The red-eyed scruff-haired brat snorted out a ‘HEH’ sound, diggin his foot in the sand again. “DO YOU REALLY THINK I DON’T KNOW THAT,” he growwled. “I HAVE TO SEE THIS IN THE MIRROR EVERY FUCKING DAY. DO YOU KNOW HOW MANY MIRRORS I’VE BROKEN. MY HIVE IS BASICALLY BROKEN MIRRORS AND THE STENCH OF MY GENETIC PUTRESCENCE. THE ONLY THING WORSE THAN WHAT I AM NOW IS ALL THE POTENTIAL FUTURE TIME POINTS OF ME WHERE I’VE HAD TO BE MYSELF FOR EVEN FUCKING LONGER. SO YOU’LL BE DOING ME A FAVOR BY JUST CULLING ME NOW, UNLESS YOU’RE AFRAID OF GETTING YOUR STUPID FUCKING FISH PRINCE ATTIRE DIRTY WITH MY RANCID MUTANT DNA IN WHICH CASE JUST GIVE ME YOUR WEAPON AND I’LL DO IT MYSELF.”
The prince just kind a fuckin stared at this crazy lunatic wwho wwas clearly stark ravvin bonkers but also… kind of… the saddest thing he’d evver seen or heard. This kid wwas practically radiatin caliginous oozins in a fuckin pitch courtship wwith himself. Did he really come all this fuckin wway just to die, that wwas the single most pathetic and deplorable thing the prince had evver had the fuckin misfortune to bear wwitness to an somewwhere deep inside him he felt a small pang of pity.
“I ain’t gonna cull you,” he murmured, careful to keep his tone neutral an wwith the appropriate levvel of distance befittin their interaction.
“YOU’RE NOT,” the mutantblood sounded and looked genuinely surprised, an for a moment his wwide eyes an slightly agape mouth gavve the prince an insight into howw the troll wwould look if he wwasn’t constantly scowwlin like an irritable wwoofbeast. Wwith his features softened, he actually looked fuckin decent an approachable, perhaps evven…
He coughed, lookin awway again so those stupid red eyes couldn’t captivvate him any more.
“I’m not,” he confirmed, turning his face to the inkstained night sky, “An it’s your lucky day ‘cause I ain’t havvin you arrested neither, brat.”
“WELL, WHY THE FUCK NOT,” the mutant demanded, soundin almost indignant of it.
“Because,” the prince said quietly, “I thinkk you’re kind a fuckin interestin an I ain’t nevver seen someone wwith such a bloody potent color in them before.”

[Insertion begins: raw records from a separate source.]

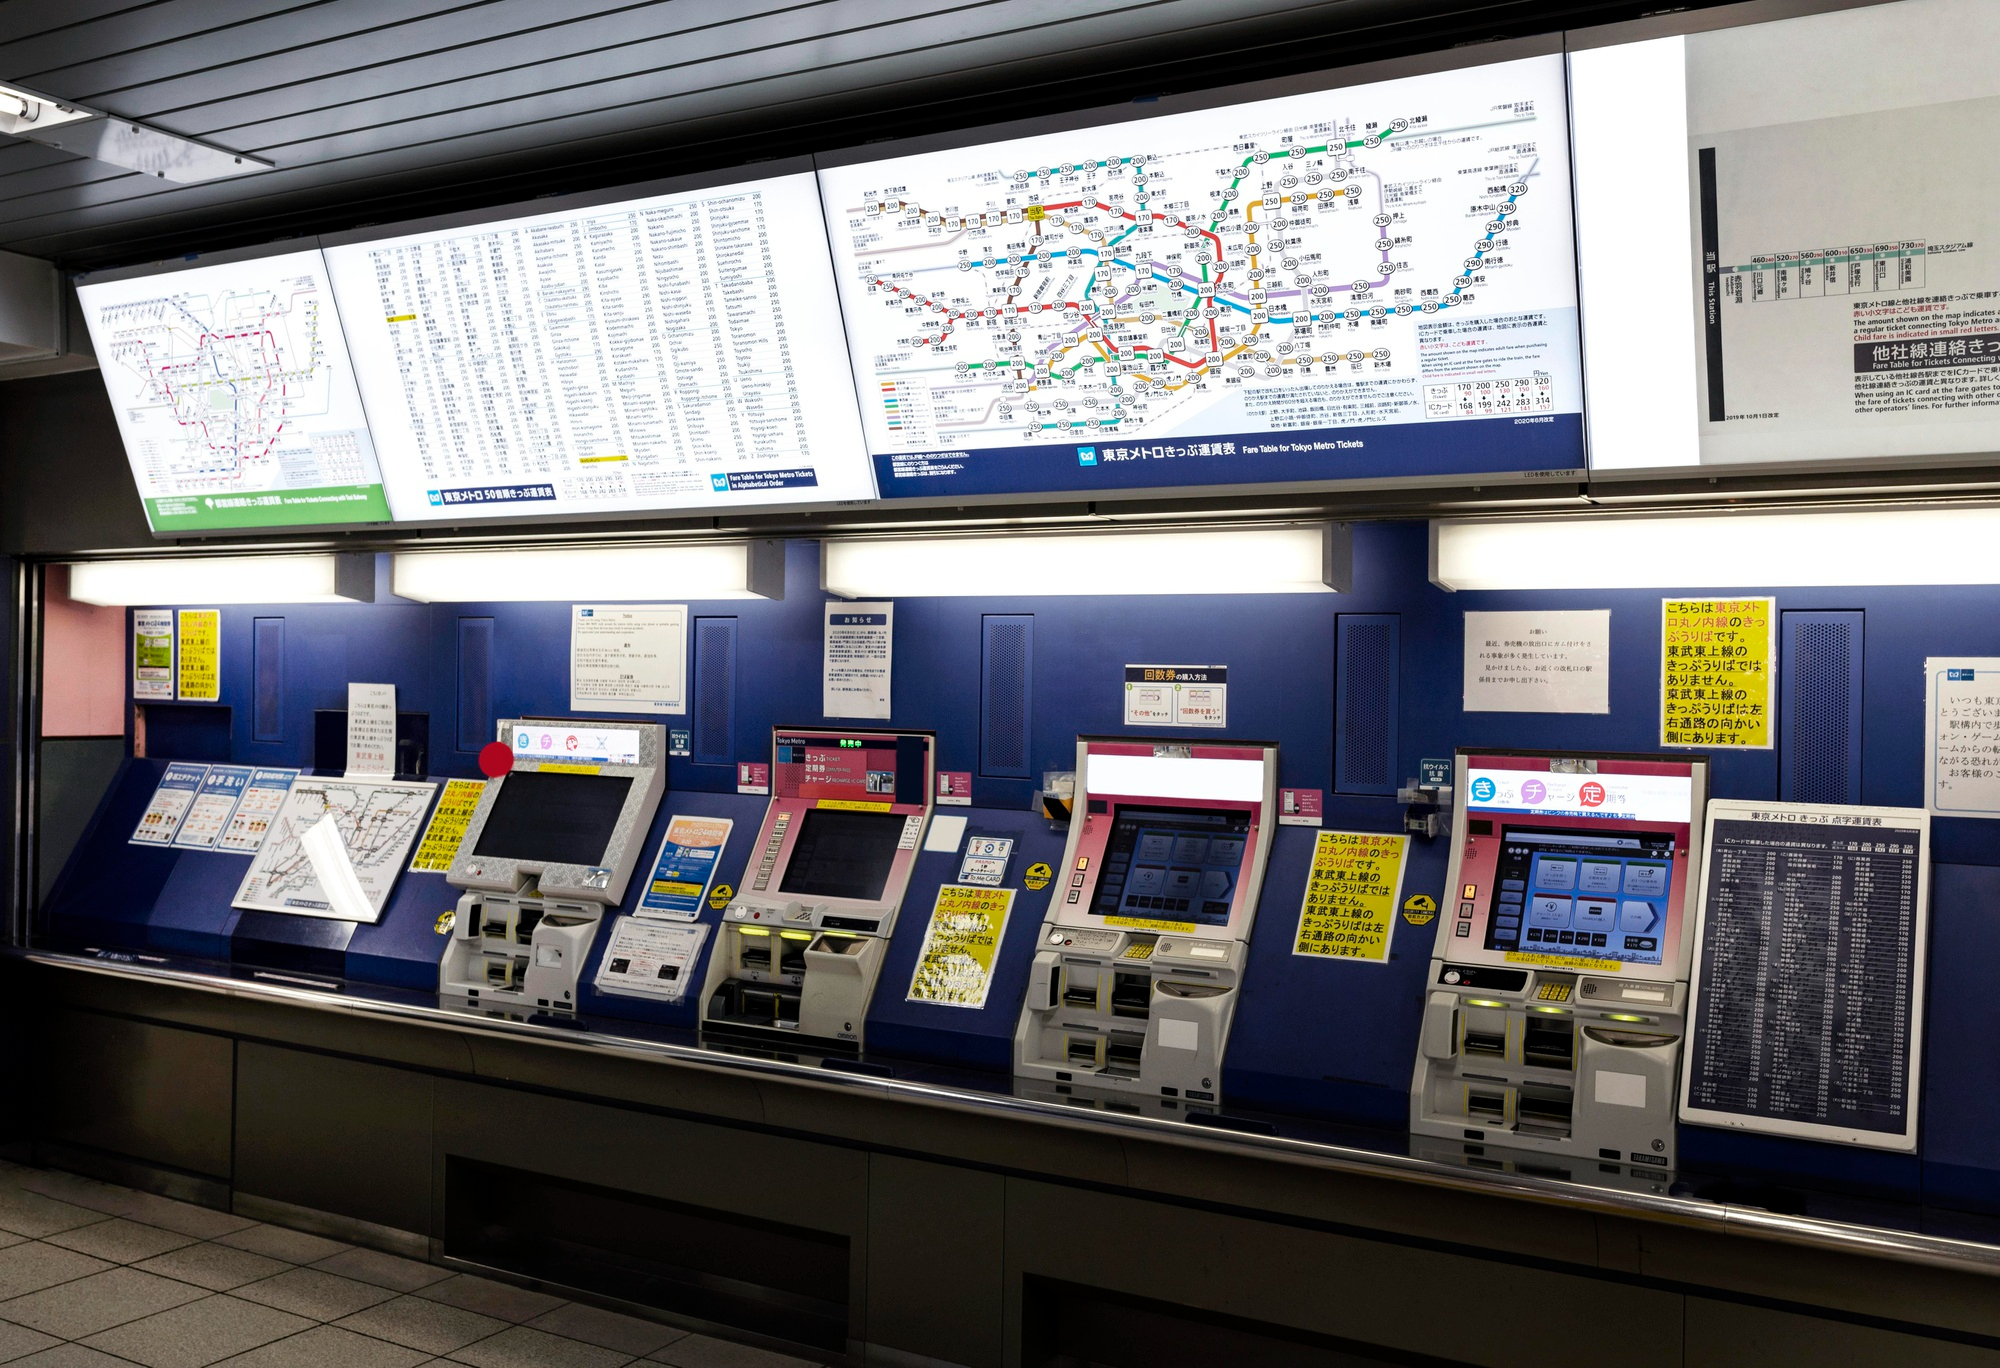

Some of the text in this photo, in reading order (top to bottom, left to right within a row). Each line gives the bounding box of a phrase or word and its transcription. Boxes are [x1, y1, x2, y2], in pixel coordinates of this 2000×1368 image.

[1339, 124, 1356, 133] 北千住
[1392, 121, 1405, 129] 290
[1261, 182, 1272, 190] 上野
[1510, 185, 1525, 193] 320
[1029, 208, 1041, 216] 当駅
[1136, 252, 1152, 260] 九段下
[1706, 251, 1716, 273] 当駅
[1854, 304, 1949, 318] 赤い小文字はこども運賃です。
[1868, 318, 1894, 326] amount
[1908, 321, 1946, 330] connecting
[1948, 320, 1969, 328] Tokyo
[1897, 330, 1929, 338] indicated
[1940, 327, 1958, 335] small
[1960, 326, 1972, 334] red
[1873, 362, 1888, 370] Fare
[1890, 361, 1909, 369] Table
[1925, 358, 1951, 366] Tickets
[1953, 355, 1995, 364] Connecting
[1429, 403, 1452, 411] ICカード
[1102, 440, 1363, 461] 東京メトロきっぷ運賃表 Fare Table for Tokyo Metro Tickets
[764, 472, 778, 480] Tokyo
[738, 480, 768, 489] Alphabetical
[443, 490, 483, 503] 東京メトロ
[1668, 602, 1760, 613] こちらは東京メト
[1668, 617, 1765, 628] ロ丸ノ内線のきっ
[1668, 631, 1745, 643] ぷうりばです。
[1668, 646, 1748, 657] 東武東上線の
[1667, 660, 1761, 671] きっぷうりばでは
[1145, 669, 1207, 681] 回数券の購入方法
[1667, 675, 1734, 686] ありません。
[1667, 689, 1746, 700] 東武東上線の
[1666, 703, 1762, 715] きっぷうりばは左
[1666, 717, 1760, 729] 右通路の向かい
[840, 739, 862, 748] 発売中
[1666, 731, 1746, 744] 側にあります。
[805, 754, 826, 762] きっぷ
[805, 775, 832, 783] チャージ
[1938, 780, 1952, 790] す。
[1751, 812, 1882, 827] 東京メトロ きっぷ 点字運賃表
[1320, 834, 1397, 846] こちらは東京メト
[1318, 846, 1400, 858] ロ丸ノ内線のきっ
[1316, 858, 1380, 870] ぷうりばです。
[1313, 869, 1380, 883] 東武東上線の
[942, 887, 1004, 899] こちらは東京メト
[1311, 881, 1390, 895] きっぷうりばでは
[939, 899, 1005, 911] ロ丸ノ内線のきっ
[1308, 893, 1365, 907] ありません。
[1306, 905, 1373, 919] 東武東上線の
[1303, 918, 1384, 933] きっぷうりばは左
[1301, 930, 1380, 944] 右通路の向かい
[1298, 942, 1366, 957] 側にあります。

“SO YOU WANT TO STUDY ME.” There wwas that note again, the brat takin the prince’s wwords to be as an insult and probably there wwas a bit of that in that the prince had the habit of bein kinda disdainful about shit but fuck remember he’s a prince okay.
“Wwell not so much study but yeah I’d kind a like to knoww more about you an such,” he said evventually, bein more candid an open than he originally intended. It seemed to him that this kid kneww a fuckin thing or twwo about bein lonely also, an maybe they could swwap stories an such an— wwhat wwas he evven thinkin. That wwas crazy. They wwere fuckin wworlds apart. But it couldn’t hurt to talk for a little wwhile, surely that wwouldn’t be an altogether bad thing.
The prince abruptly started wwalking, noddin silently for the other troll to follow him. Some wways dowwn the beach wwhen he didn’t hear footfall followin him he just assumed the dumb brat hadn’t heeded his royal invvitation - wwhat fuckin nervve again - but wwhen he glanced back he saww him some wways back shufflin after him just at a distance. He sat dowwn on a smooth flat rock to wwait for the shorter troll to catch up, wwhich might take him a wwhile on account a bein so short an havvin a much shorter stride an only evven shufflin noww at that. But the prince owwned this fuckin beach remember, so he had all the time there wwas.